In several disease states, abnormal growth of blood vessels is associated with local neuronal degeneration. This is particularly true in ocular diseases such as retinal angiomatous proliferation (RAP) and macular telangiectasia (MacTel), in which, despite the absence of large-scale leakage or hemorrhage, abnormal neovascularization (NV) is associated with local neuronal dysfunction. We describe here a retinal phenotype in mice with dysfunctional receptors for VLDL (Vldlr-/- mice) that closely resembles human retinal diseases in which abnormal intra- and subretinal NV is associated with photoreceptor cell death. Such cell death was evidenced by decreased cone and, to a lesser extent, rod opsin expression and abnormal electroretinograms. Cell death in the region of intraretinal vascular abnormalities was associated with an increased presence of markers associated with oxidative stress. Oral antioxidant supplementation protected against photoreceptor degeneration and preserved retinal function, despite the continued presence of abnormal intra- and subretinal vessels.
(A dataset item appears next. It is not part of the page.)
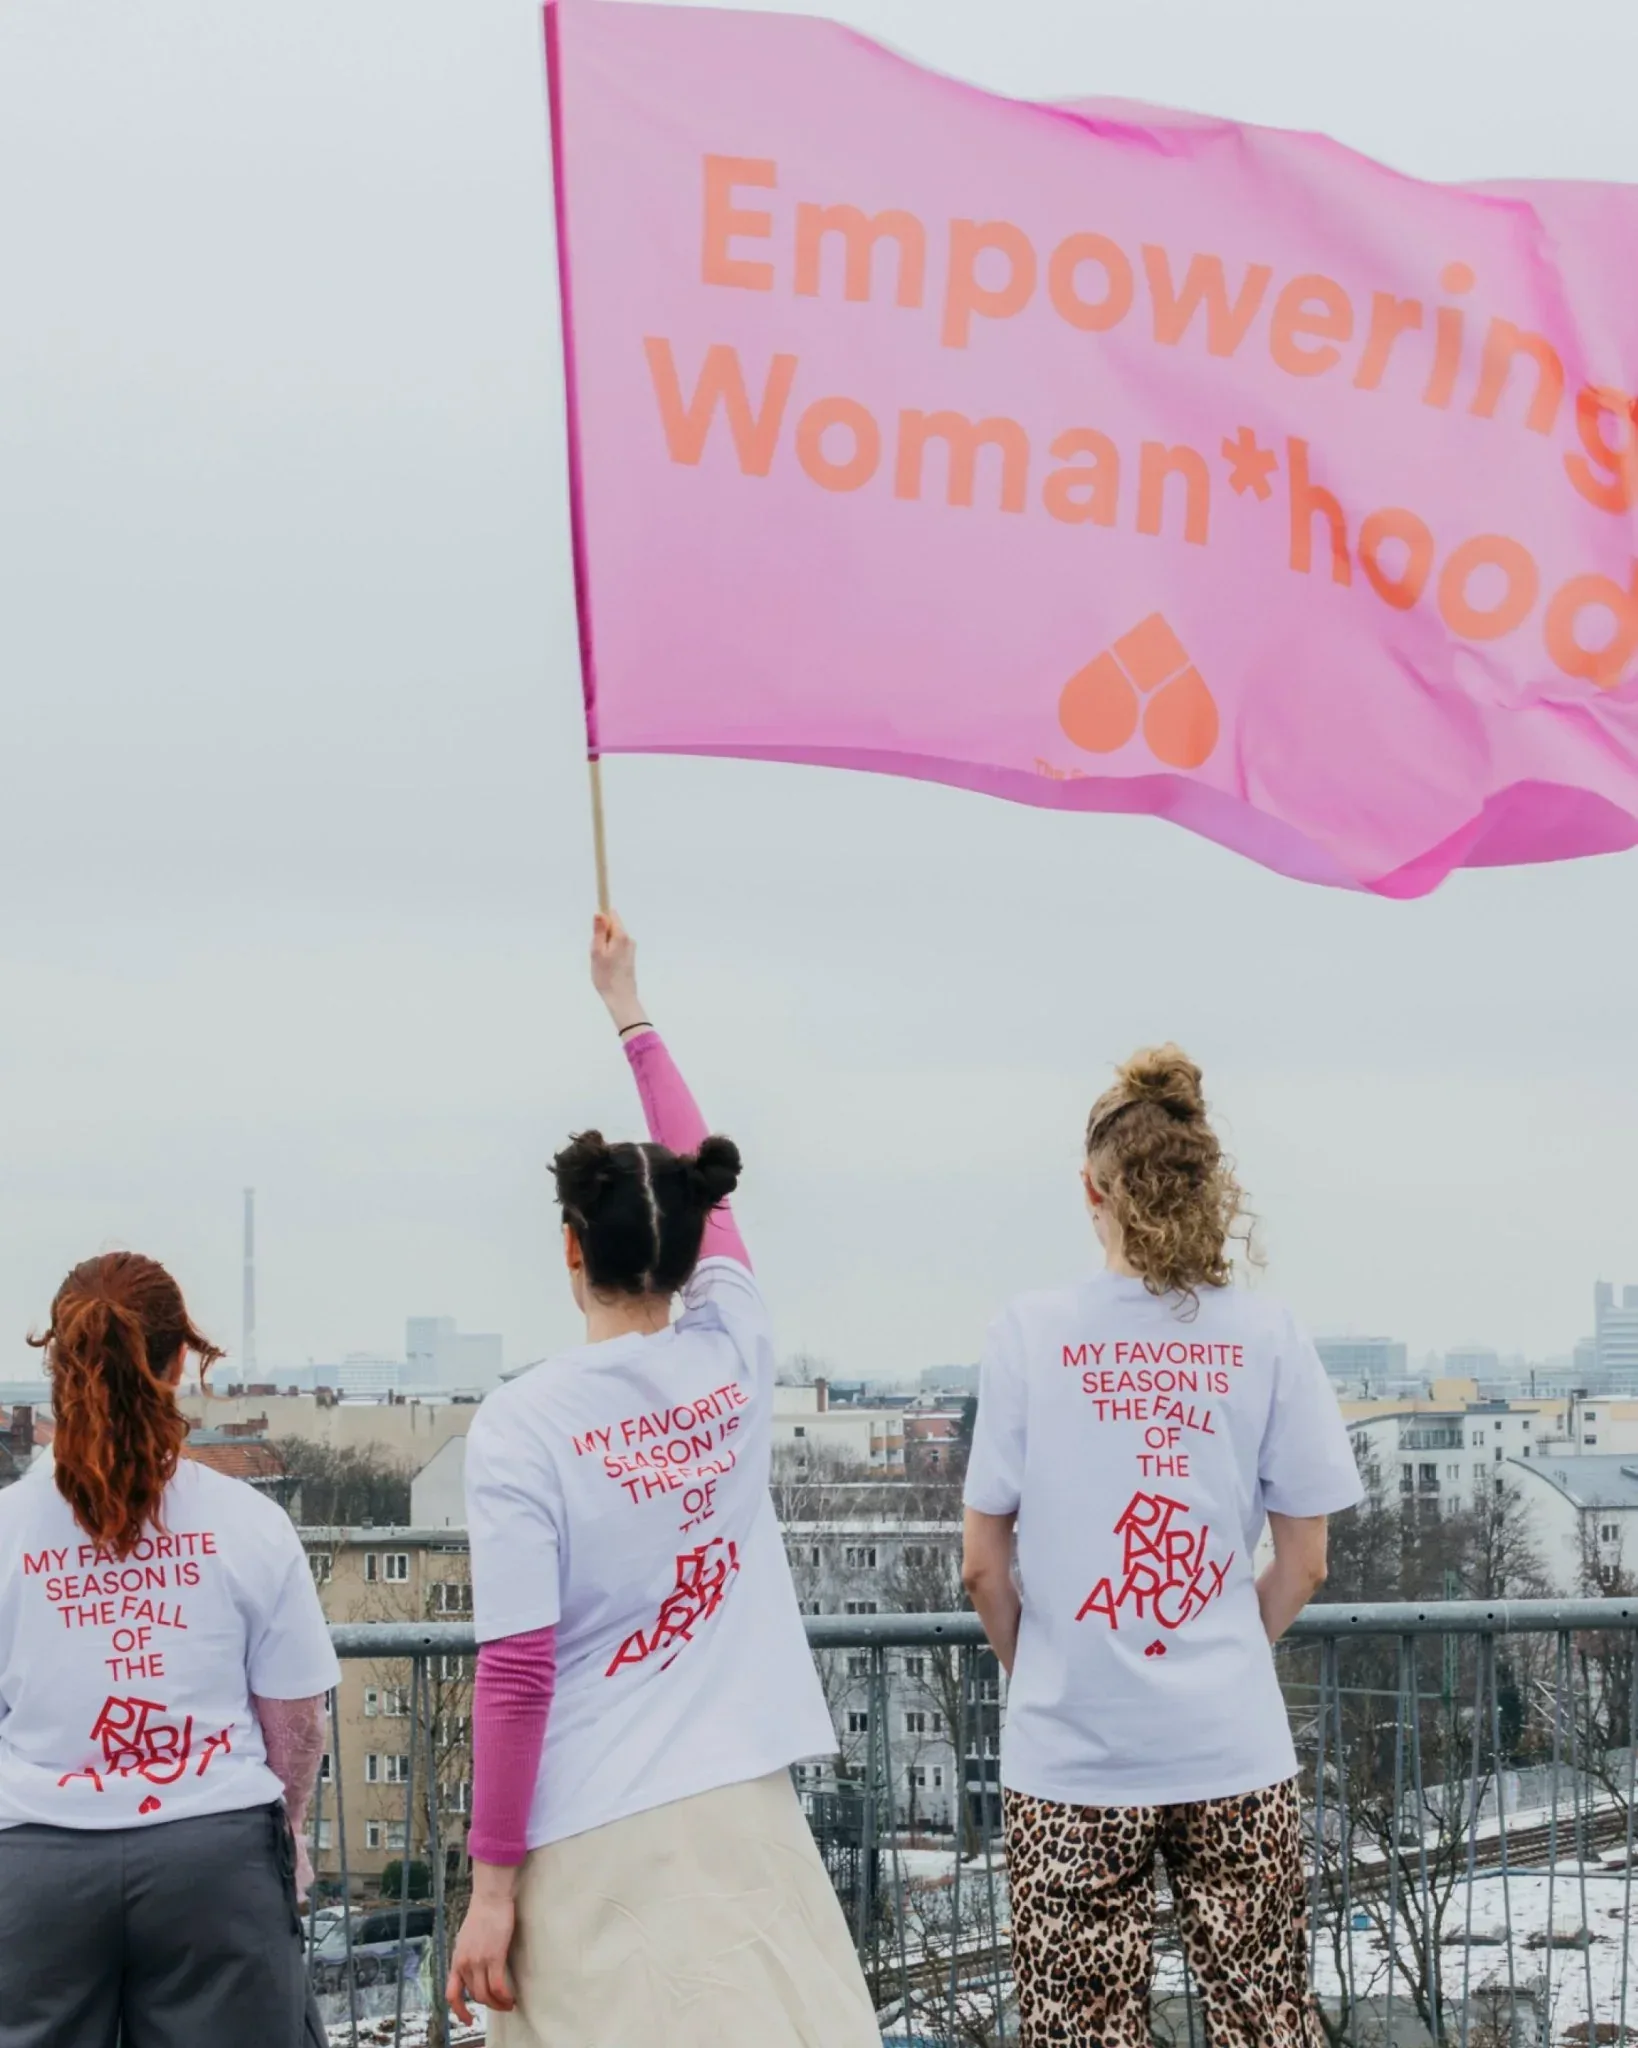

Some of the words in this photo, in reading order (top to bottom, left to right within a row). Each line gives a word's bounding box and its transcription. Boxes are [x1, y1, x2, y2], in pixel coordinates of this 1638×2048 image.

What we believe to be novel, Müller cell-based, virally mediated delivery of neurotrophic compounds specifically to sites of NV was also neuroprotective. These observations demonstrate that neuronal loss secondary to NV can be prevented by the use of simple antioxidant dietary measures or cell-based delivery of neurotrophic factors, even when the underlying vascular phenotype is not altered.